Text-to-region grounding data
━━━━━━━━━━━━━━━━
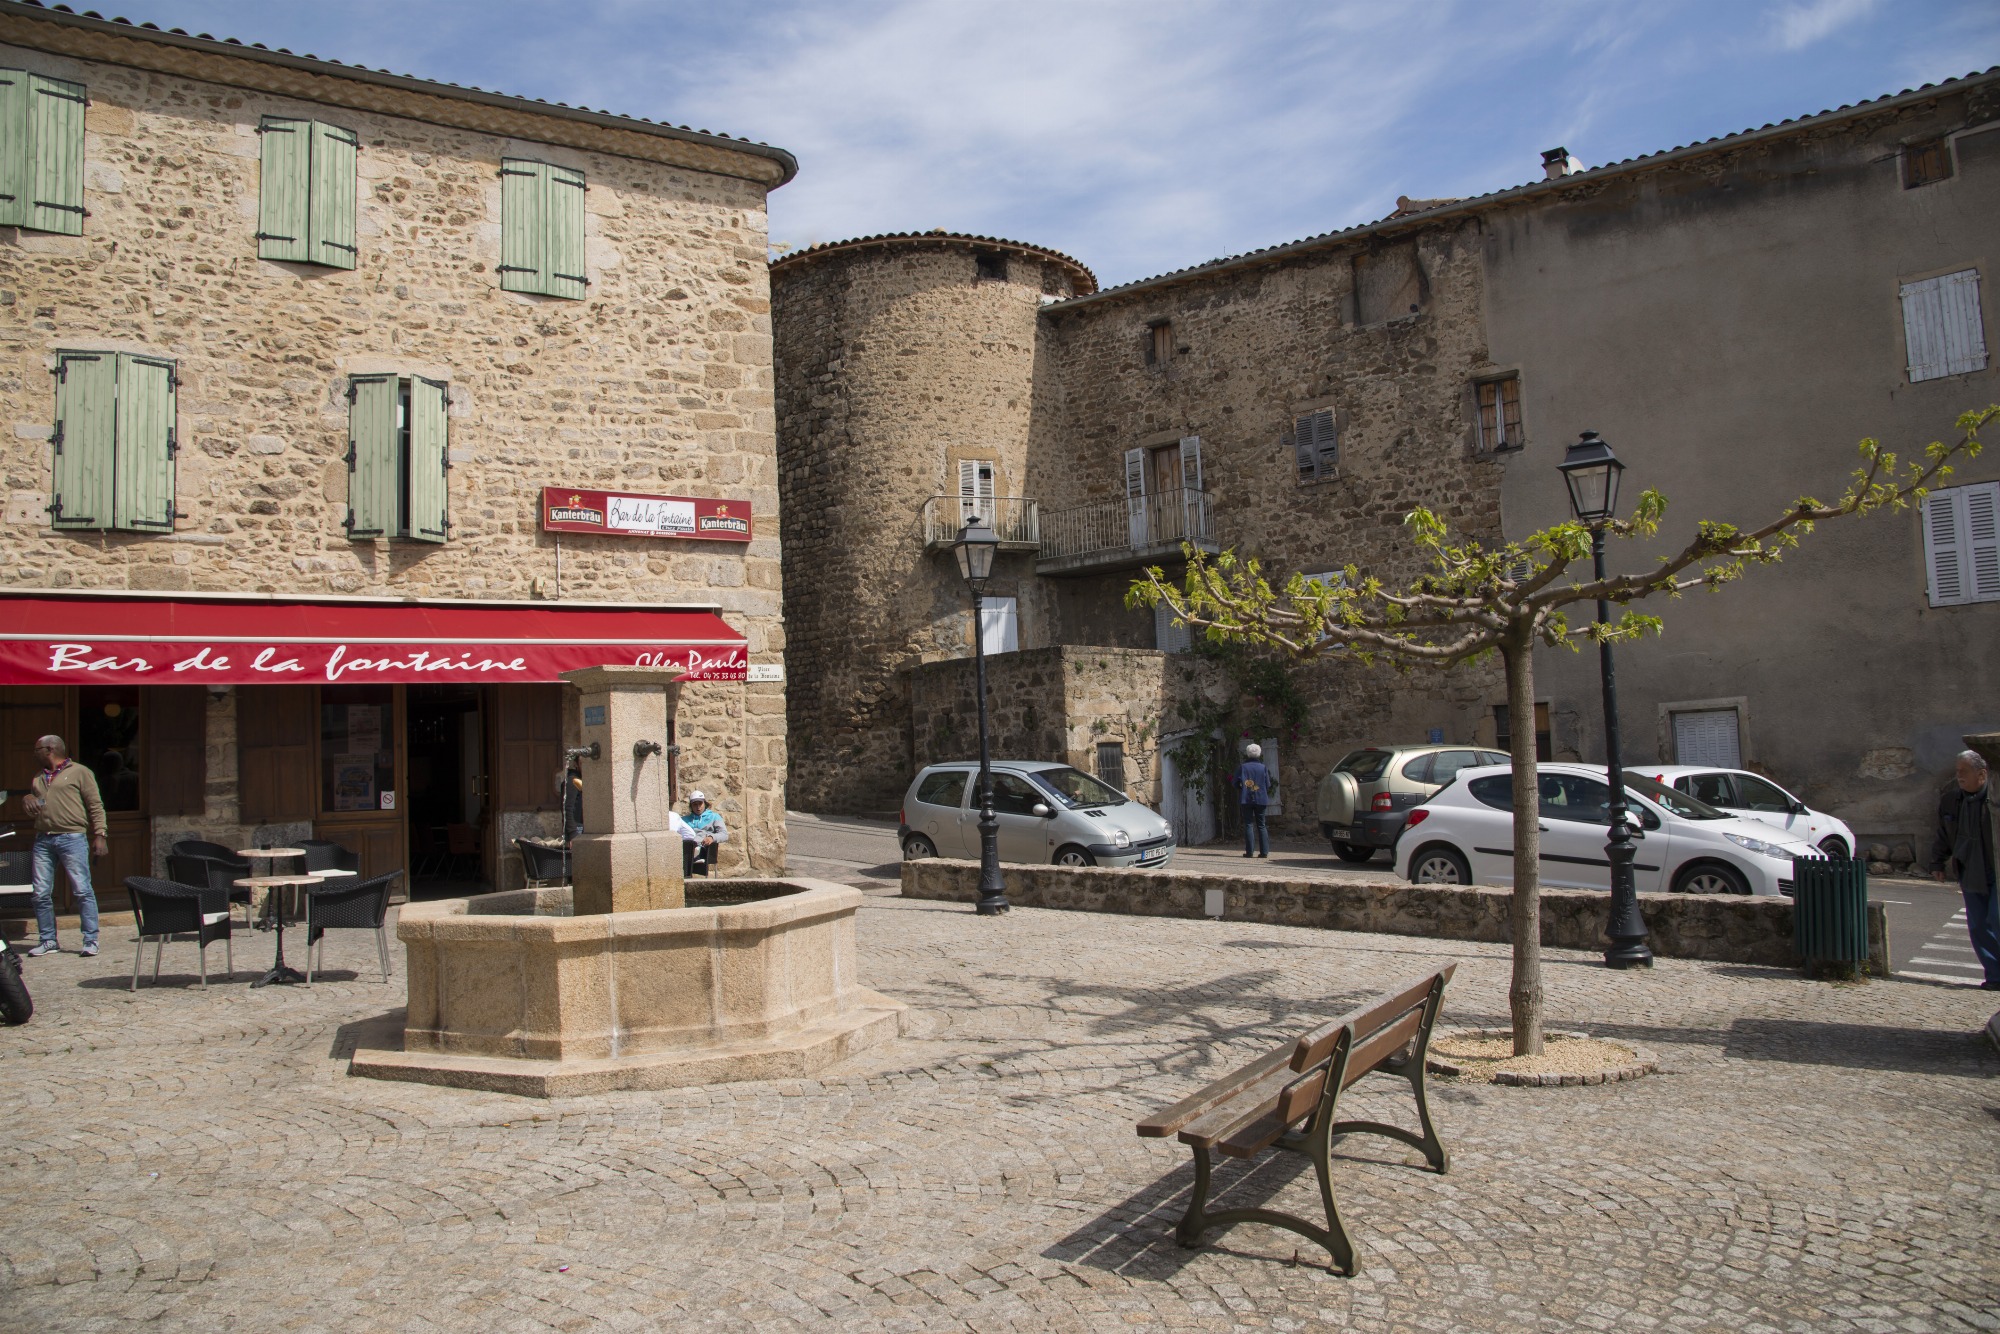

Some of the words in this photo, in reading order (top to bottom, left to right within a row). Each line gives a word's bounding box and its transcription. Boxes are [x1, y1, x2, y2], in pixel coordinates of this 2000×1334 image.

[551, 509, 601, 523] Kanterbräu
[610, 498, 631, 528] Bar
[632, 503, 643, 523] de
[645, 503, 656, 523] la
[657, 502, 693, 530] Fontaine
[701, 518, 747, 531] Kanterbräu
[47, 643, 153, 672] Bar
[173, 647, 231, 672] de
[250, 647, 305, 672] la
[325, 645, 527, 681] fontaine
[687, 650, 747, 670] Paulo
[721, 672, 729, 680] 33
━━━━━━━━━━━━━━━━
Directions for this task = Repeat the entries above exactly and skip the images.

Response below =
Some of the words in this photo, in reading order (top to bottom, left to right within a row). Each line gives a word's bounding box and its transcription. Boxes are [x1, y1, x2, y2], in pixel coordinates of this 2000×1334 image.

[551, 509, 601, 523] Kanterbräu
[610, 498, 631, 528] Bar
[632, 503, 643, 523] de
[645, 503, 656, 523] la
[657, 502, 693, 530] Fontaine
[701, 518, 747, 531] Kanterbräu
[47, 643, 153, 672] Bar
[173, 647, 231, 672] de
[250, 647, 305, 672] la
[325, 645, 527, 681] fontaine
[687, 650, 747, 670] Paulo
[721, 672, 729, 680] 33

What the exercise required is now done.